README.md

## mstore [![Build Status](https://travis-ci.org/dalmatinerdb/mstore.svg?branch=master)](https://travis-ci.org/dalmatinerdb/mstore)

MStore is a experimental metric store build in erlang, the primary functions are `open`, `new`, `get` and `put`.

A datastore is defined by:
 * The size of the consistant hashing ring.
 * The number of entreis per metrics.
 * The initial offset.

For each chunk a index is created (defining the position of the metrics) and a datafile which holds the values. This makes reading a number of metrics as simple as a calculation and a sequential read.

For a store holding 1000 metrics writing to the the numbers 0-999 would be in the file 0, 1000-1999 would be in the second file etc.

## Idea

The basic idea is to take advantage of the special characteristics metrics have and modern filesystems. The following assumptions about metrics and filesystems are taken:

* Metrics occour in a regular interval (i.e. every second) skips happen but are rare
* Metrics are immutable. (i.e. once the cpu temperature was recorded for a measurement period it won't ever change again).
* Reads are highly sequential, 'give me the values between X and Y'.
* Metrics are written nearly sequentially, the delta of time between two metrics written will propably be small, this allows to limit the amount of open files.
* Metrics can be represented as 64bit integers. (this might change!)
* The filesystem uses checksums for data, this means we don't need to cehcksum values.
* The filesystem allows compression.
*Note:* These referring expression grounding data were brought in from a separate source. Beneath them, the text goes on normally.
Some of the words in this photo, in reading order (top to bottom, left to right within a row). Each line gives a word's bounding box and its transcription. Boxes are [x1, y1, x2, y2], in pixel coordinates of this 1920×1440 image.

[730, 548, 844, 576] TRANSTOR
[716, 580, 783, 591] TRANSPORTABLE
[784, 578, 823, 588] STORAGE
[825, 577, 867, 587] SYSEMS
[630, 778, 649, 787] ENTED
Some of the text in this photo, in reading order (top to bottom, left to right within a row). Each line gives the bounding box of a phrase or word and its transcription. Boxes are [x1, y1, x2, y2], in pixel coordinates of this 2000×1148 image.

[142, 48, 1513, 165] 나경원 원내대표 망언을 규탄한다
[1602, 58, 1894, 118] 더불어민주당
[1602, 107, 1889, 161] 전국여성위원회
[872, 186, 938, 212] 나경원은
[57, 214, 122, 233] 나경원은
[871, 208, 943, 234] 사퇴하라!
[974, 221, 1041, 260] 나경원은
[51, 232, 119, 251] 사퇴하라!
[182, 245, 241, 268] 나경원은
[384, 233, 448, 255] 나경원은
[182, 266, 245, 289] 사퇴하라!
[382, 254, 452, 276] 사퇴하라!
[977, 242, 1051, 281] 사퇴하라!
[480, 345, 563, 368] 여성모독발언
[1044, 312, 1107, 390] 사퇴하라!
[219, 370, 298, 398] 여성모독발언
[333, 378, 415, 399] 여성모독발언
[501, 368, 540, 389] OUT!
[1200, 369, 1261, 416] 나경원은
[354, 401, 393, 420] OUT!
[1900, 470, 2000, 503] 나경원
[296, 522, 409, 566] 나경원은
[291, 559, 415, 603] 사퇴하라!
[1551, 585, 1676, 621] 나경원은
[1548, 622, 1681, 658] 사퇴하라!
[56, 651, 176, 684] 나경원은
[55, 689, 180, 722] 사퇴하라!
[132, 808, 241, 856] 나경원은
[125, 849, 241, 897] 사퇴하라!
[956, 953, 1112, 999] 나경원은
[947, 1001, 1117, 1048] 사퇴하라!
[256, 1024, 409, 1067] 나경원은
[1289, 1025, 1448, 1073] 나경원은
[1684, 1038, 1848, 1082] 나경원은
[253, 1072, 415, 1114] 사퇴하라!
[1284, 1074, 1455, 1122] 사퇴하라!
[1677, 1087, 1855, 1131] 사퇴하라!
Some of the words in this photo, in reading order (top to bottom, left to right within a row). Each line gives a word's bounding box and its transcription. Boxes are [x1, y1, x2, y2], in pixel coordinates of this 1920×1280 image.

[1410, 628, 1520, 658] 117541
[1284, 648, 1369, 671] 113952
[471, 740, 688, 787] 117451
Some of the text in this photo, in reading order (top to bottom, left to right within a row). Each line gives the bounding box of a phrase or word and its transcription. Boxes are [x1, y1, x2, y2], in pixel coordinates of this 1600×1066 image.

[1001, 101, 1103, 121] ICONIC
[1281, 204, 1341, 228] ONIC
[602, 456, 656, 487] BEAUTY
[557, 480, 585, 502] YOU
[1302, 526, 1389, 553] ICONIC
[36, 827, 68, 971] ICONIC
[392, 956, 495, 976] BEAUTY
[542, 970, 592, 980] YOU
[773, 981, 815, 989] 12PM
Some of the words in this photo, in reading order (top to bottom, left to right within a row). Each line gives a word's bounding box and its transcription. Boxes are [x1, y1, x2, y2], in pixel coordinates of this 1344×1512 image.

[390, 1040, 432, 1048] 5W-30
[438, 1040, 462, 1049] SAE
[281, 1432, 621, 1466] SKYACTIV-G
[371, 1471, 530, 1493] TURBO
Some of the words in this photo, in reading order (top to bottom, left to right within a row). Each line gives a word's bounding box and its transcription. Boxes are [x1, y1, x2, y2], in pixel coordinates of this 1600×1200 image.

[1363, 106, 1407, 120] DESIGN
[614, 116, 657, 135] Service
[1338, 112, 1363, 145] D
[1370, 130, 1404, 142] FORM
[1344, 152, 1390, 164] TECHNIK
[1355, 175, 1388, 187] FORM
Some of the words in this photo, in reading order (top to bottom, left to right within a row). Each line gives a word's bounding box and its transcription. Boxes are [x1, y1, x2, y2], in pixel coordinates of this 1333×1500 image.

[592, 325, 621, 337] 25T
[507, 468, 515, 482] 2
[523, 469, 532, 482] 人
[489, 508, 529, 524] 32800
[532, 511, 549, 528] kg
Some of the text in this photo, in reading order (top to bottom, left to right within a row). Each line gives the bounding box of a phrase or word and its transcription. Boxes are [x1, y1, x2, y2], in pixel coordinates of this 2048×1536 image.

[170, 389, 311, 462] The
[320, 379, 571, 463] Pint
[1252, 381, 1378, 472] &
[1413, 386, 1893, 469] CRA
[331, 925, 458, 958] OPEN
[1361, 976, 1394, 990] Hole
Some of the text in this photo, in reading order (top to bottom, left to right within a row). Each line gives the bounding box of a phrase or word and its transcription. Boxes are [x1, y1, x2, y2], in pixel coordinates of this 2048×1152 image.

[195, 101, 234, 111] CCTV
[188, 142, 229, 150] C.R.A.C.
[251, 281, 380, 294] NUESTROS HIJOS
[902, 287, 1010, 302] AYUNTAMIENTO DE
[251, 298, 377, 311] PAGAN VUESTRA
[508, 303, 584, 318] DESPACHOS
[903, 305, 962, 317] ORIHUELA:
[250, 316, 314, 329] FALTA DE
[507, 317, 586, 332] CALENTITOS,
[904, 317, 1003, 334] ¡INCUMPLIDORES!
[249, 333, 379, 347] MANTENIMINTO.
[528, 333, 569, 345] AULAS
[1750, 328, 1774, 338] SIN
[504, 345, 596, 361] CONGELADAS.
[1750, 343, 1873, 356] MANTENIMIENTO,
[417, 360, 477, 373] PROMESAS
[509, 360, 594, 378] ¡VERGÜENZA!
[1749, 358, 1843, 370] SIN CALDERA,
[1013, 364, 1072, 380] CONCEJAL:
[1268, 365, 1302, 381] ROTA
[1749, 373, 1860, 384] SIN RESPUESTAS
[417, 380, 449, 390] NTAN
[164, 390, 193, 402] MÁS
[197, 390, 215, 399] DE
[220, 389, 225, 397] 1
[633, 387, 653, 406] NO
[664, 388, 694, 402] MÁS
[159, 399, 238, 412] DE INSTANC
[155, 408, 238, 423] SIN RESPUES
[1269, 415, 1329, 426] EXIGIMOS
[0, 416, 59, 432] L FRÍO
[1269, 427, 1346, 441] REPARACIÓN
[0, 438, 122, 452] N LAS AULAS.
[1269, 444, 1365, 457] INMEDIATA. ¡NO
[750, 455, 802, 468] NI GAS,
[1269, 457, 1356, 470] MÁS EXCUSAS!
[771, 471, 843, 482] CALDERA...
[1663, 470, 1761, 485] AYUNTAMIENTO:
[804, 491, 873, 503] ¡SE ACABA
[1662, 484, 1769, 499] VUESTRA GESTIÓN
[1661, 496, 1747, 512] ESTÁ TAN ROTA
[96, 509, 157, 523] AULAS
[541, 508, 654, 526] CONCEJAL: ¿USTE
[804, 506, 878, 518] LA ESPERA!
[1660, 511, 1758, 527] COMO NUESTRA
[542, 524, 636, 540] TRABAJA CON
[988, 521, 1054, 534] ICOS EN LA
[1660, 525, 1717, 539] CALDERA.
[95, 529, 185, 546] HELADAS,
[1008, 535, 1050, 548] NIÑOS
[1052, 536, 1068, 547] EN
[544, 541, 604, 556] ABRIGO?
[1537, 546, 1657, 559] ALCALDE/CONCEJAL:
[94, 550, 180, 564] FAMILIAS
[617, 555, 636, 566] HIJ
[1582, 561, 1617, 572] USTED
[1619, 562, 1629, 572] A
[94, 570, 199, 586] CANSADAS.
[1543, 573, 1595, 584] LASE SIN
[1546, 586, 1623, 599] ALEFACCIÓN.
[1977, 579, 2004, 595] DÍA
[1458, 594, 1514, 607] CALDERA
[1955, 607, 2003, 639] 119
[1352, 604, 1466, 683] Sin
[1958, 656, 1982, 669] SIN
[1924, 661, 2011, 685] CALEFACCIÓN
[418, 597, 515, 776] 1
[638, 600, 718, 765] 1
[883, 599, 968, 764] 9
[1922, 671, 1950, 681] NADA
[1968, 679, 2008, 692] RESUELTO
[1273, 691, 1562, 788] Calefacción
This means longer stratches of non written metrics don't have a big impact since a bunch fo 0's on the FS will easiely be compressed away.
* The filesystem has a decent cacheing strategy (no need for mmap nonsense).
* The filesystem actually is ZFS.

## File Layout

### Set

A set allows to group metrics into a hash ring, this limits the size of single files open. The directory layout will be like this:

```
<base dir>/<chash key>/<offset>.{mstore,idx} - data and store index files
<base dir>/mstore - set index file
```

#### Index File (for a set)

The index file is simply a Erlang file that can be read via consult:

```
{FileSize, CHashSize, Seed, Metrics}.
```
* FileSize: The number of points per metric stored in the file.
* CHashSize: The number of elements in the CHash ring.
* Seed: A seed used to hash the metric keys, this is needed to allow putting a set behind another CHash ring (i.e. riak core). W/o the seed the distribution would not be even.
* Metrics: A list of all metrics stored in this set, used for looking up metrics.

### Store
#### Data File

Currently data is fixed to 64 bit (8 byte) integers this means a data file is layed out like this:

```
<metric 1:FileSize*8><metric 2:FileSize*8><metric 2:FileSize*8>
```

#### Index File (for a metric)

The index file is simply a Erlang file that can be read via consult:
```
{Offse, FileSize, [{Metric, Index}]}.
```

* Offset: the base offset of the file.
* FileSize: The number of points per metric stored in the file.
* Metric and Index: A list of metricses and their indexes in the file.